__ASSIGNMENT__
A word-for-word copy of the listing is required, and it must contain no pictures.

——————

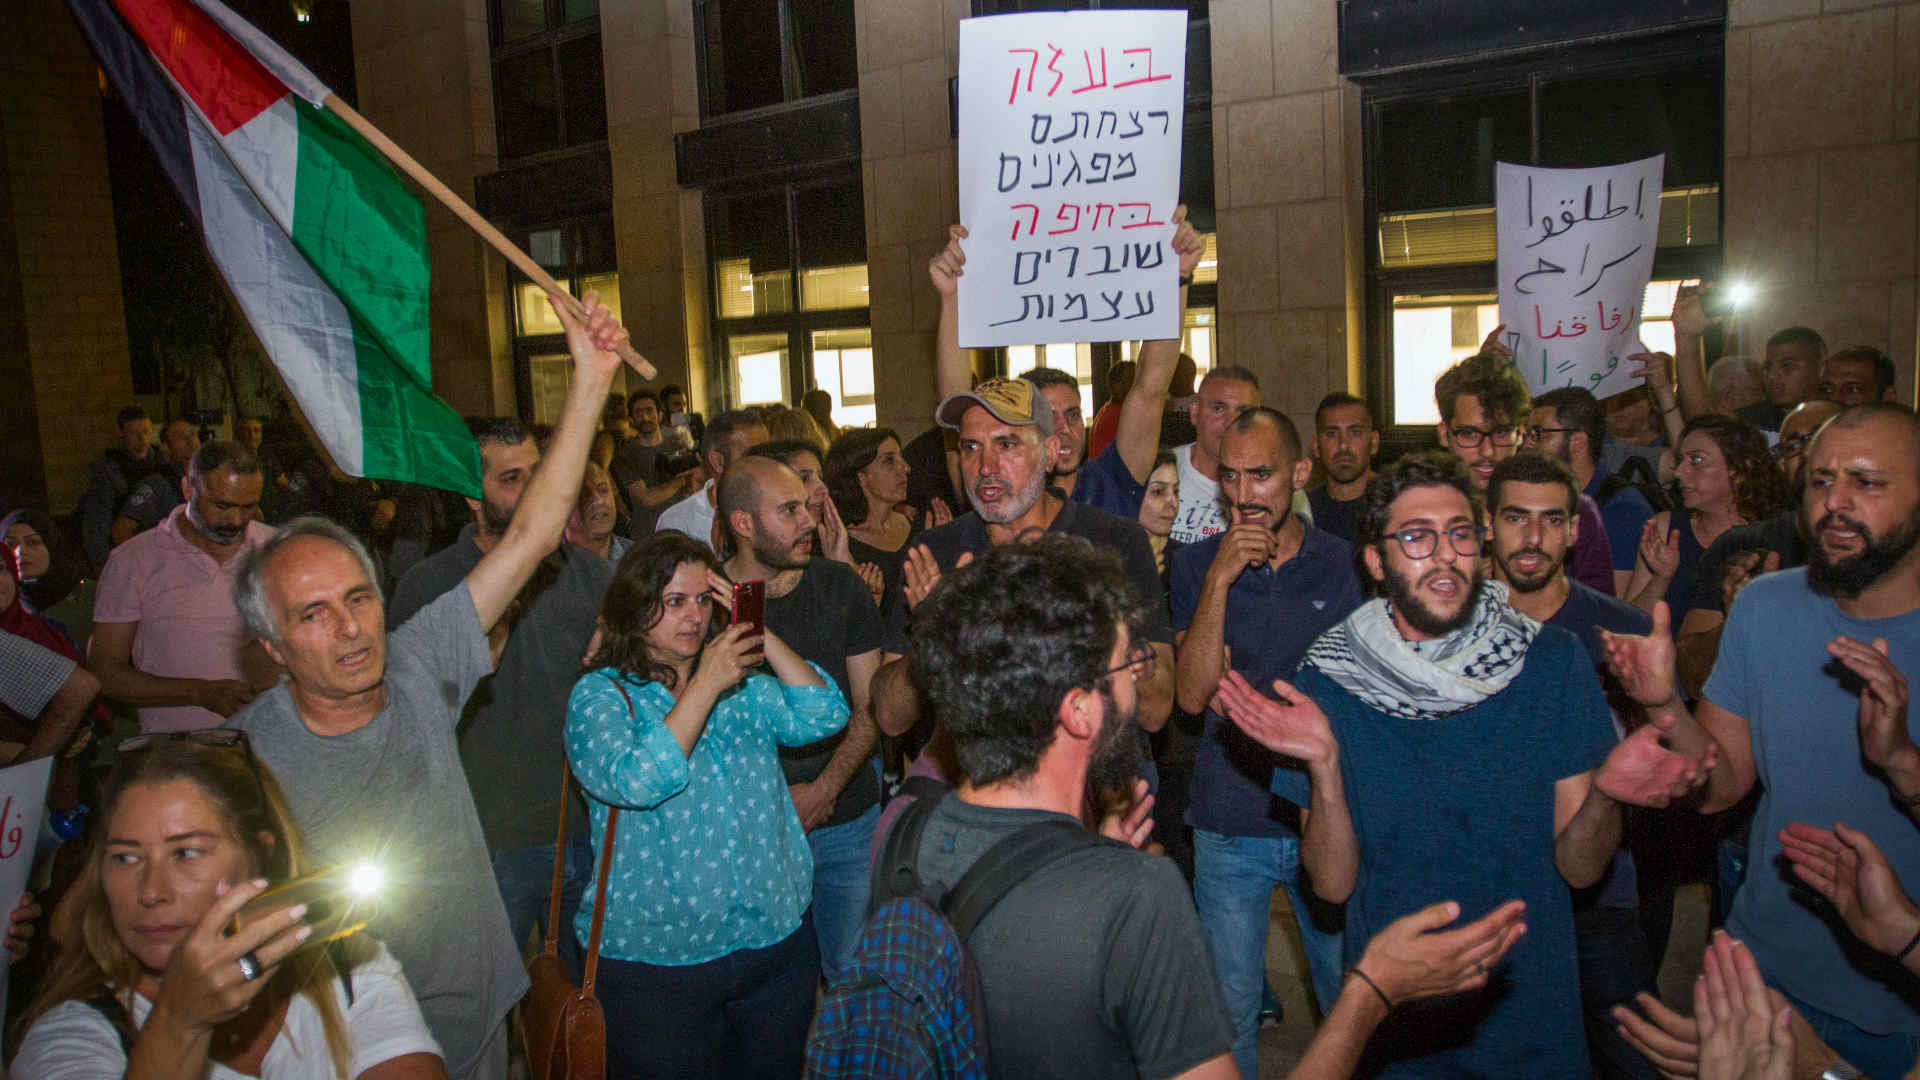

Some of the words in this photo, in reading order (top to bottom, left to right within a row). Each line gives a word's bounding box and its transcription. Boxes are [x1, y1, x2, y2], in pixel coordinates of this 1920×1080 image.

[1030, 110, 1169, 144] רצחתם
[997, 150, 1137, 193] מפגינים
[1010, 202, 1165, 241] בחיפה
[1013, 240, 1163, 286] שוברים
[988, 289, 1154, 328] עצמות
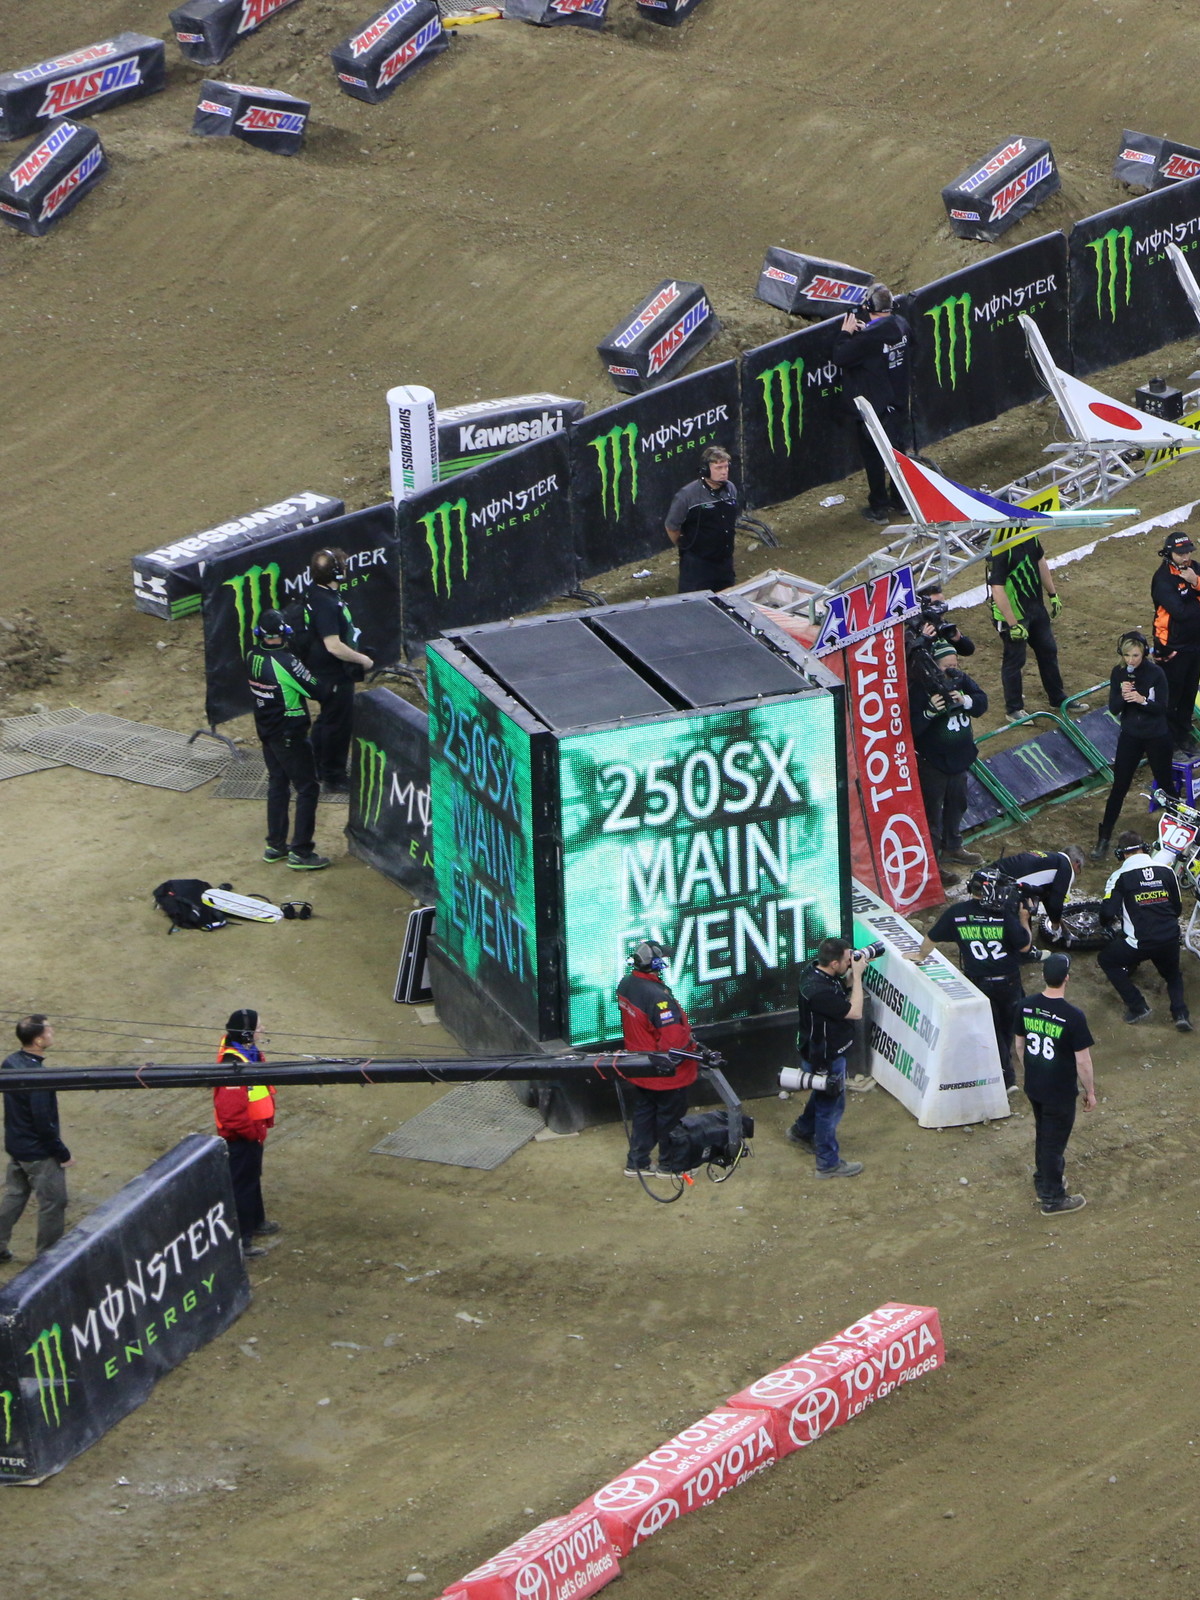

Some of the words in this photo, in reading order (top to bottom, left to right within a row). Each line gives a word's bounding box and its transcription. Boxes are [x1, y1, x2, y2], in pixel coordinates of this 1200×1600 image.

[376, 15, 441, 88] AMSOIL
[37, 56, 141, 118] AMSOIL
[197, 100, 231, 117] AMSOIL
[236, 106, 305, 134] AMSOIL
[10, 122, 77, 192] AMSOIL
[39, 144, 102, 222] AMSOIL
[959, 139, 1027, 192] AMSOIL
[1119, 149, 1156, 164] AMSOIL
[950, 209, 980, 221] AMSOIL
[989, 153, 1052, 223] AMSOIL
[763, 266, 798, 286] AMSOIL
[614, 281, 680, 348] AMSOIL
[646, 297, 710, 378] AMSOIL
[608, 364, 639, 377] AMSOIL
[459, 410, 564, 452] Kawasaki
[655, 432, 717, 463] ENERGY
[145, 492, 331, 565] Kawasaki
[486, 502, 548, 537] ENERGY
[813, 564, 921, 654] AMA
[883, 627, 900, 699] Places
[855, 634, 895, 813] TOYOTA
[889, 707, 903, 736] Go
[443, 697, 518, 821] 250SX
[603, 738, 802, 833] 250SX
[895, 741, 912, 792] Let's
[451, 781, 517, 896] MAIN
[1162, 821, 1188, 849] 16
[621, 821, 790, 914] MAIN
[451, 864, 527, 983] EVENT
[957, 926, 982, 940] TRACK
[982, 927, 1005, 939] CREW
[969, 940, 1008, 961] 02
[1023, 1016, 1044, 1032] TRACK
[1044, 1021, 1063, 1039] CREW
[1026, 1032, 1055, 1061] 36
[105, 1273, 217, 1381] ENERGY
[794, 1308, 906, 1364] TOYOTA
[878, 1310, 923, 1338] Places
[841, 1323, 936, 1399] TOYOTA
[847, 1393, 875, 1421] Let's
[877, 1381, 896, 1399] Go
[897, 1354, 938, 1387] Places
[631, 1413, 738, 1471] TOYOTA
[666, 1453, 700, 1475] Let's
[695, 1439, 719, 1454] Go
[713, 1415, 757, 1444] Places
[683, 1426, 774, 1507] TOYOTA
[544, 1519, 607, 1580] TOYOTA
[574, 1570, 587, 1590] Go
[587, 1553, 613, 1582] Places

——————

__SOLUTION BELOW__
Some of the words in this photo, in reading order (top to bottom, left to right within a row). Each line gives a word's bounding box and its transcription. Boxes are [x1, y1, x2, y2], in pixel coordinates of this 1920×1080 image.

[1030, 110, 1169, 144] רצחתם
[997, 150, 1137, 193] מפגינים
[1010, 202, 1165, 241] בחיפה
[1013, 240, 1163, 286] שוברים
[988, 289, 1154, 328] עצמות

Some of the words in this photo, in reading order (top to bottom, left to right within a row). Each line gives a word's bounding box and its transcription. Boxes are [x1, y1, x2, y2], in pixel coordinates of this 1200×1600 image.

[376, 15, 441, 88] AMSOIL
[37, 56, 141, 118] AMSOIL
[197, 100, 231, 117] AMSOIL
[236, 106, 305, 134] AMSOIL
[10, 122, 77, 192] AMSOIL
[39, 144, 102, 222] AMSOIL
[959, 139, 1027, 192] AMSOIL
[1119, 149, 1156, 164] AMSOIL
[950, 209, 980, 221] AMSOIL
[989, 153, 1052, 223] AMSOIL
[763, 266, 798, 286] AMSOIL
[614, 281, 680, 348] AMSOIL
[646, 297, 710, 378] AMSOIL
[608, 364, 639, 377] AMSOIL
[459, 410, 564, 452] Kawasaki
[655, 432, 717, 463] ENERGY
[145, 492, 331, 565] Kawasaki
[486, 502, 548, 537] ENERGY
[813, 564, 921, 654] AMA
[883, 627, 900, 699] Places
[855, 634, 895, 813] TOYOTA
[889, 707, 903, 736] Go
[443, 697, 518, 821] 250SX
[603, 738, 802, 833] 250SX
[895, 741, 912, 792] Let's
[451, 781, 517, 896] MAIN
[1162, 821, 1188, 849] 16
[621, 821, 790, 914] MAIN
[451, 864, 527, 983] EVENT
[957, 926, 982, 940] TRACK
[982, 927, 1005, 939] CREW
[969, 940, 1008, 961] 02
[1023, 1016, 1044, 1032] TRACK
[1044, 1021, 1063, 1039] CREW
[1026, 1032, 1055, 1061] 36
[105, 1273, 217, 1381] ENERGY
[794, 1308, 906, 1364] TOYOTA
[878, 1310, 923, 1338] Places
[841, 1323, 936, 1399] TOYOTA
[847, 1393, 875, 1421] Let's
[877, 1381, 896, 1399] Go
[897, 1354, 938, 1387] Places
[631, 1413, 738, 1471] TOYOTA
[666, 1453, 700, 1475] Let's
[695, 1439, 719, 1454] Go
[713, 1415, 757, 1444] Places
[683, 1426, 774, 1507] TOYOTA
[544, 1519, 607, 1580] TOYOTA
[574, 1570, 587, 1590] Go
[587, 1553, 613, 1582] Places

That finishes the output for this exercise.